### Your assignment
Could you retype all of the records exactly, leaving out every picture?
═══ Record excerpts
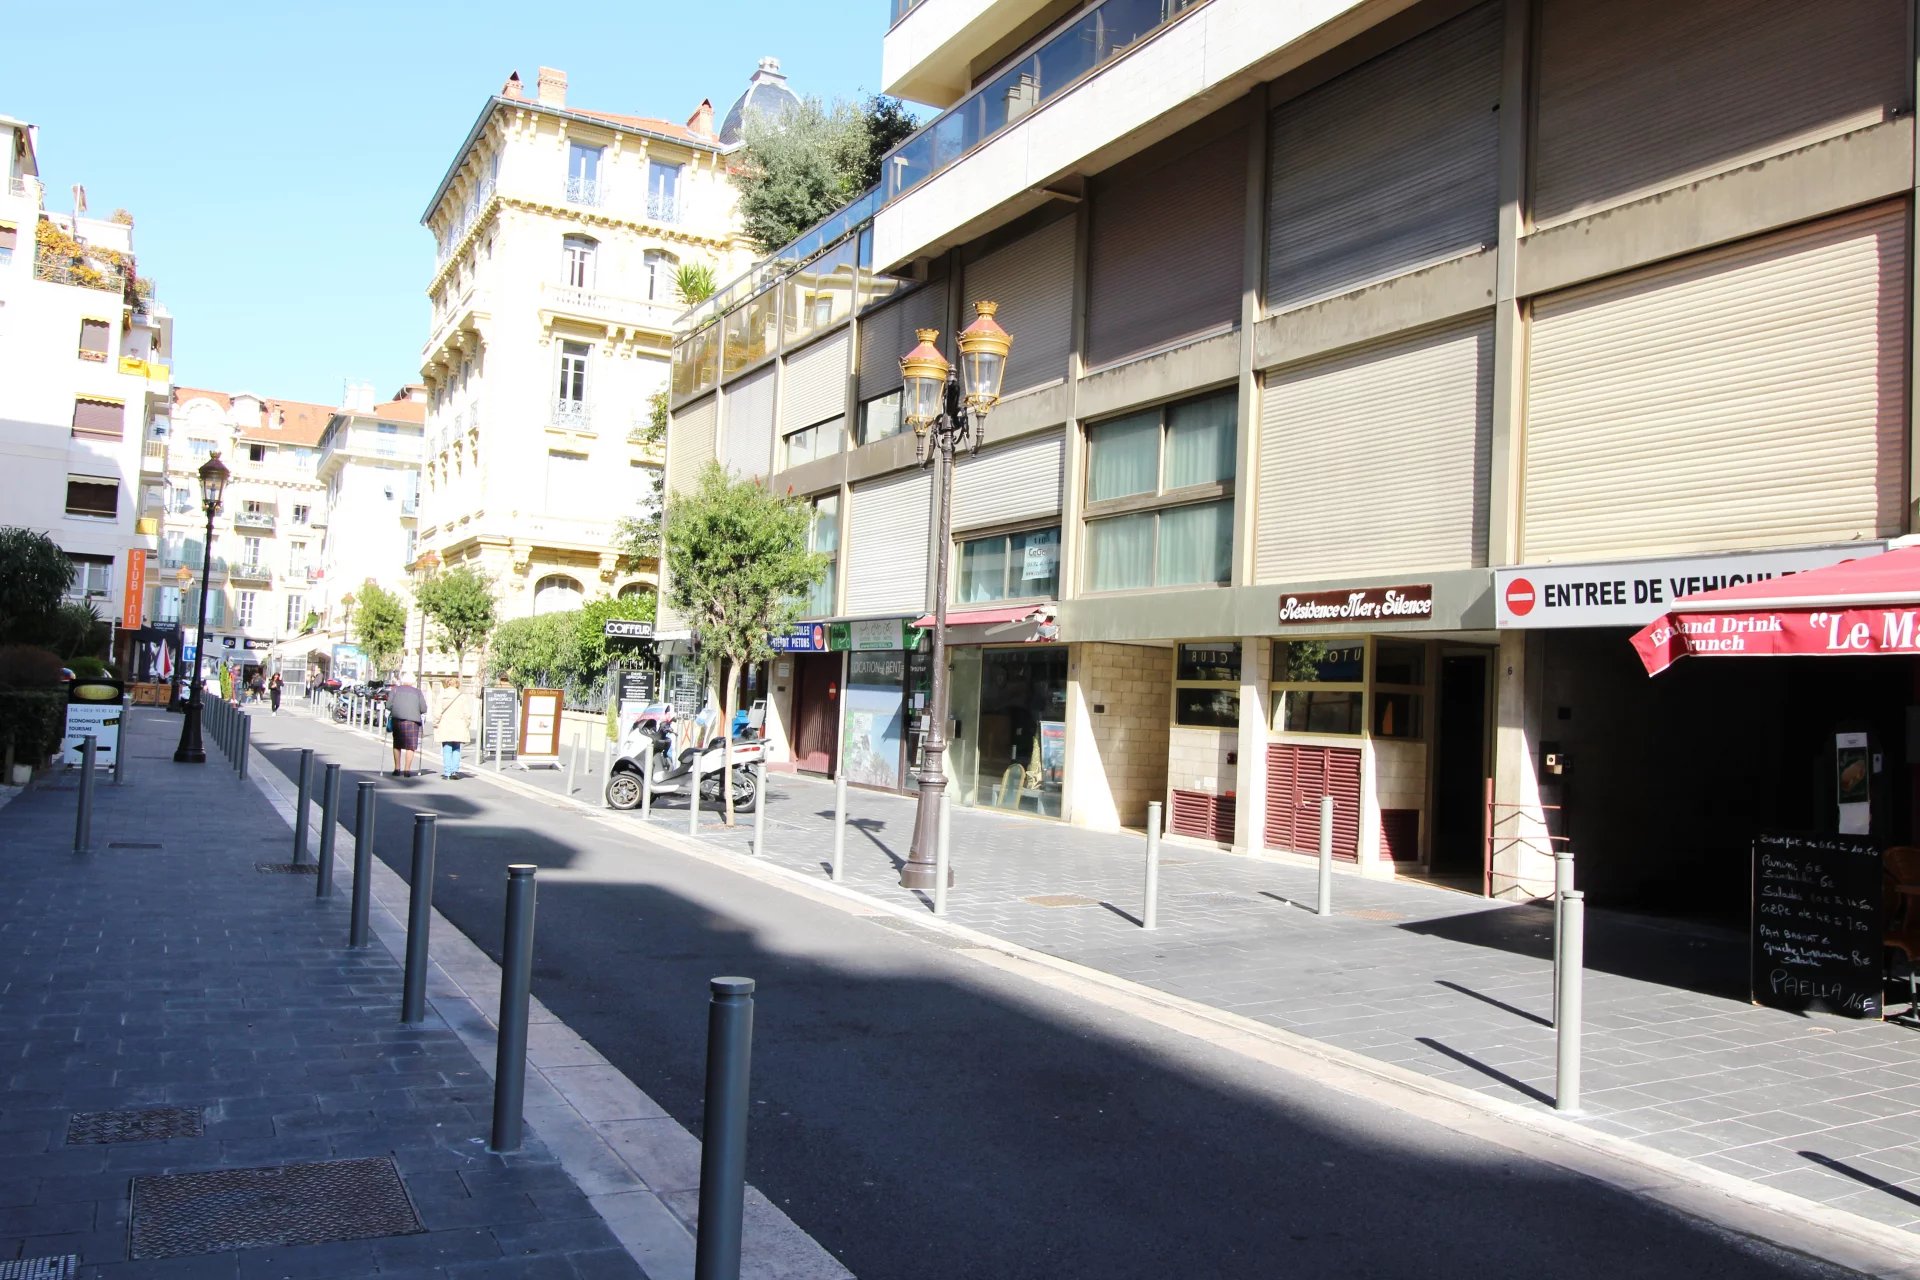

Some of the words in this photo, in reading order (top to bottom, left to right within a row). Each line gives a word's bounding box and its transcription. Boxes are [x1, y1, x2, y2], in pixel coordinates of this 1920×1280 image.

[131, 551, 141, 591] CLUB
[1340, 592, 1375, 617] Mer
[1382, 590, 1432, 616] Silence
[1544, 580, 1627, 607] ENTREE
[1634, 579, 1663, 604] DE
[607, 623, 651, 636] COIFFEUR
[1680, 617, 1716, 634] and
[1722, 615, 1783, 633] Drink
[1507, 666, 1513, 676] 6
[1770, 968, 1843, 999] PAELLA
══════
### Result
Some of the words in this photo, in reading order (top to bottom, left to right within a row). Each line gives a word's bounding box and its transcription. Boxes are [x1, y1, x2, y2], in pixel coordinates of this 1920×1280 image.

[131, 551, 141, 591] CLUB
[1340, 592, 1375, 617] Mer
[1382, 590, 1432, 616] Silence
[1544, 580, 1627, 607] ENTREE
[1634, 579, 1663, 604] DE
[607, 623, 651, 636] COIFFEUR
[1680, 617, 1716, 634] and
[1722, 615, 1783, 633] Drink
[1507, 666, 1513, 676] 6
[1770, 968, 1843, 999] PAELLA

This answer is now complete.